(Extracted data entries)
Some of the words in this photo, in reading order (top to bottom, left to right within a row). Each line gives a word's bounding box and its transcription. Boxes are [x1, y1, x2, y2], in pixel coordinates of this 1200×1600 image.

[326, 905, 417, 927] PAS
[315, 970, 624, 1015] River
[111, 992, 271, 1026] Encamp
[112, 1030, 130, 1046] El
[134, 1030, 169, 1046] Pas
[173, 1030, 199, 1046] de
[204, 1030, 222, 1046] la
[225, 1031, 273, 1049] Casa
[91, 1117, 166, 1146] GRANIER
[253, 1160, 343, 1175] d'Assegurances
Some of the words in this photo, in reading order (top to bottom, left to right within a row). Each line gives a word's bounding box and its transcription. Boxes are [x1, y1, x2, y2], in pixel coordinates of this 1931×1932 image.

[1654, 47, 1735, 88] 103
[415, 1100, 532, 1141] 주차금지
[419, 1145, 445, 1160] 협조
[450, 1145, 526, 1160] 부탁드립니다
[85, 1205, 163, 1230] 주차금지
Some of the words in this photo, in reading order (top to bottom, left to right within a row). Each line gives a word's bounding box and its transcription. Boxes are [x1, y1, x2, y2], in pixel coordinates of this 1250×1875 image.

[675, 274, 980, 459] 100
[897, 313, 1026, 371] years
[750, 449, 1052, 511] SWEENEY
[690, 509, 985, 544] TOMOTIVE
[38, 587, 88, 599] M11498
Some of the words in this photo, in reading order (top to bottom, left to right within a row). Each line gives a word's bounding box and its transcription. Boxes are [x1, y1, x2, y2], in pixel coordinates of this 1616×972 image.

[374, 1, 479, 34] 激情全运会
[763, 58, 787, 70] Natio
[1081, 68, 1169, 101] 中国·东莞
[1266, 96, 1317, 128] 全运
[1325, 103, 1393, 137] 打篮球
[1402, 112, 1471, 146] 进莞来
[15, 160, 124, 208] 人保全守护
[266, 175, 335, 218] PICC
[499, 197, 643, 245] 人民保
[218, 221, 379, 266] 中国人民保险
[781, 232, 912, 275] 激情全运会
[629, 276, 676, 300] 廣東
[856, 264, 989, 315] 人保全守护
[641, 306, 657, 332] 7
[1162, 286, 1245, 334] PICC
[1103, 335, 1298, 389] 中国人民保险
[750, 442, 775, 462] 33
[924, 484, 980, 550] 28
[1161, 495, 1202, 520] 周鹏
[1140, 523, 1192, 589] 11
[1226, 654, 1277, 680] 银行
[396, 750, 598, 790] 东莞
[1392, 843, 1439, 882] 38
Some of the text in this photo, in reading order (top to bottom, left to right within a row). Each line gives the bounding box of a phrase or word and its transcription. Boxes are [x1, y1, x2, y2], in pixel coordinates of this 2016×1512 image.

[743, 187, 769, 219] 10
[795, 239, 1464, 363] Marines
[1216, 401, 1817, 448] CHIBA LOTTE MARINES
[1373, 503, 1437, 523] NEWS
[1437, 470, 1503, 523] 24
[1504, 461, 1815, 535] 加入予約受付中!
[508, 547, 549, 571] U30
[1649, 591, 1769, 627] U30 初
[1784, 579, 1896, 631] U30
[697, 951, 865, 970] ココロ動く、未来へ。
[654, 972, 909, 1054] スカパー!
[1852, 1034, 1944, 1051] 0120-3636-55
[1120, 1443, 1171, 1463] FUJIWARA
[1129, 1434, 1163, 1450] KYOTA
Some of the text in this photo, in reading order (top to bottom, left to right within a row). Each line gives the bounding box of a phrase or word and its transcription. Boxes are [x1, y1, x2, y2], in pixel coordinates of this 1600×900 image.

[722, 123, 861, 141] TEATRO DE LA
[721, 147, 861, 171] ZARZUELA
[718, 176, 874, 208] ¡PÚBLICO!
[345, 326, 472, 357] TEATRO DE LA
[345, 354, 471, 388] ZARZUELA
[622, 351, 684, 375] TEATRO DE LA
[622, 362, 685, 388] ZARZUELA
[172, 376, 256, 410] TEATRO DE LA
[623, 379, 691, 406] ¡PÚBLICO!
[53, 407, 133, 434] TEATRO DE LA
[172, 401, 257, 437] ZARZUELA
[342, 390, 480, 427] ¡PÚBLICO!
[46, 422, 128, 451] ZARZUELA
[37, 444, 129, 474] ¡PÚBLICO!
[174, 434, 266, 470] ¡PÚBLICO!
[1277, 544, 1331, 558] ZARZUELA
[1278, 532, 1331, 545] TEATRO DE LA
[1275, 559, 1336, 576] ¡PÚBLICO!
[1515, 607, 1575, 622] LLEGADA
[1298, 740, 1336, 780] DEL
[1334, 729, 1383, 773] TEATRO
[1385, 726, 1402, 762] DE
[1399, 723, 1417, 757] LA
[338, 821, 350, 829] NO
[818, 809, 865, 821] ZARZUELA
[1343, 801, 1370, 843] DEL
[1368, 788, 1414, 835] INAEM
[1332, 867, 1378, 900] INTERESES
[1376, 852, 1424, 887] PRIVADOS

→ Exercise:
The records above, in their entirety, need to be set down again exactly.

→ Problem solution:
Some of the words in this photo, in reading order (top to bottom, left to right within a row). Each line gives a word's bounding box and its transcription. Boxes are [x1, y1, x2, y2], in pixel coordinates of this 1200×1600 image.

[326, 905, 417, 927] PAS
[315, 970, 624, 1015] River
[111, 992, 271, 1026] Encamp
[112, 1030, 130, 1046] El
[134, 1030, 169, 1046] Pas
[173, 1030, 199, 1046] de
[204, 1030, 222, 1046] la
[225, 1031, 273, 1049] Casa
[91, 1117, 166, 1146] GRANIER
[253, 1160, 343, 1175] d'Assegurances
Some of the words in this photo, in reading order (top to bottom, left to right within a row). Each line gives a word's bounding box and its transcription. Boxes are [x1, y1, x2, y2], in pixel coordinates of this 1931×1932 image.

[1654, 47, 1735, 88] 103
[415, 1100, 532, 1141] 주차금지
[419, 1145, 445, 1160] 협조
[450, 1145, 526, 1160] 부탁드립니다
[85, 1205, 163, 1230] 주차금지
Some of the words in this photo, in reading order (top to bottom, left to right within a row). Each line gives a word's bounding box and its transcription. Boxes are [x1, y1, x2, y2], in pixel coordinates of this 1250×1875 image.

[675, 274, 980, 459] 100
[897, 313, 1026, 371] years
[750, 449, 1052, 511] SWEENEY
[690, 509, 985, 544] TOMOTIVE
[38, 587, 88, 599] M11498
Some of the words in this photo, in reading order (top to bottom, left to right within a row). Each line gives a word's bounding box and its transcription. Boxes are [x1, y1, x2, y2], in pixel coordinates of this 1616×972 image.

[374, 1, 479, 34] 激情全运会
[763, 58, 787, 70] Natio
[1081, 68, 1169, 101] 中国·东莞
[1266, 96, 1317, 128] 全运
[1325, 103, 1393, 137] 打篮球
[1402, 112, 1471, 146] 进莞来
[15, 160, 124, 208] 人保全守护
[266, 175, 335, 218] PICC
[499, 197, 643, 245] 人民保
[218, 221, 379, 266] 中国人民保险
[781, 232, 912, 275] 激情全运会
[629, 276, 676, 300] 廣東
[856, 264, 989, 315] 人保全守护
[641, 306, 657, 332] 7
[1162, 286, 1245, 334] PICC
[1103, 335, 1298, 389] 中国人民保险
[750, 442, 775, 462] 33
[924, 484, 980, 550] 28
[1161, 495, 1202, 520] 周鹏
[1140, 523, 1192, 589] 11
[1226, 654, 1277, 680] 银行
[396, 750, 598, 790] 东莞
[1392, 843, 1439, 882] 38
Some of the text in this photo, in reading order (top to bottom, left to right within a row). Each line gives the bounding box of a phrase or word and its transcription. Boxes are [x1, y1, x2, y2], in pixel coordinates of this 2016×1512 image.

[743, 187, 769, 219] 10
[795, 239, 1464, 363] Marines
[1216, 401, 1817, 448] CHIBA LOTTE MARINES
[1373, 503, 1437, 523] NEWS
[1437, 470, 1503, 523] 24
[1504, 461, 1815, 535] 加入予約受付中!
[508, 547, 549, 571] U30
[1649, 591, 1769, 627] U30 初
[1784, 579, 1896, 631] U30
[697, 951, 865, 970] ココロ動く、未来へ。
[654, 972, 909, 1054] スカパー!
[1852, 1034, 1944, 1051] 0120-3636-55
[1120, 1443, 1171, 1463] FUJIWARA
[1129, 1434, 1163, 1450] KYOTA
Some of the text in this photo, in reading order (top to bottom, left to right within a row). Each line gives the bounding box of a phrase or word and its transcription. Boxes are [x1, y1, x2, y2], in pixel coordinates of this 1600×900 image.

[722, 123, 861, 141] TEATRO DE LA
[721, 147, 861, 171] ZARZUELA
[718, 176, 874, 208] ¡PÚBLICO!
[345, 326, 472, 357] TEATRO DE LA
[345, 354, 471, 388] ZARZUELA
[622, 351, 684, 375] TEATRO DE LA
[622, 362, 685, 388] ZARZUELA
[172, 376, 256, 410] TEATRO DE LA
[623, 379, 691, 406] ¡PÚBLICO!
[53, 407, 133, 434] TEATRO DE LA
[172, 401, 257, 437] ZARZUELA
[342, 390, 480, 427] ¡PÚBLICO!
[46, 422, 128, 451] ZARZUELA
[37, 444, 129, 474] ¡PÚBLICO!
[174, 434, 266, 470] ¡PÚBLICO!
[1277, 544, 1331, 558] ZARZUELA
[1278, 532, 1331, 545] TEATRO DE LA
[1275, 559, 1336, 576] ¡PÚBLICO!
[1515, 607, 1575, 622] LLEGADA
[1298, 740, 1336, 780] DEL
[1334, 729, 1383, 773] TEATRO
[1385, 726, 1402, 762] DE
[1399, 723, 1417, 757] LA
[338, 821, 350, 829] NO
[818, 809, 865, 821] ZARZUELA
[1343, 801, 1370, 843] DEL
[1368, 788, 1414, 835] INAEM
[1332, 867, 1378, 900] INTERESES
[1376, 852, 1424, 887] PRIVADOS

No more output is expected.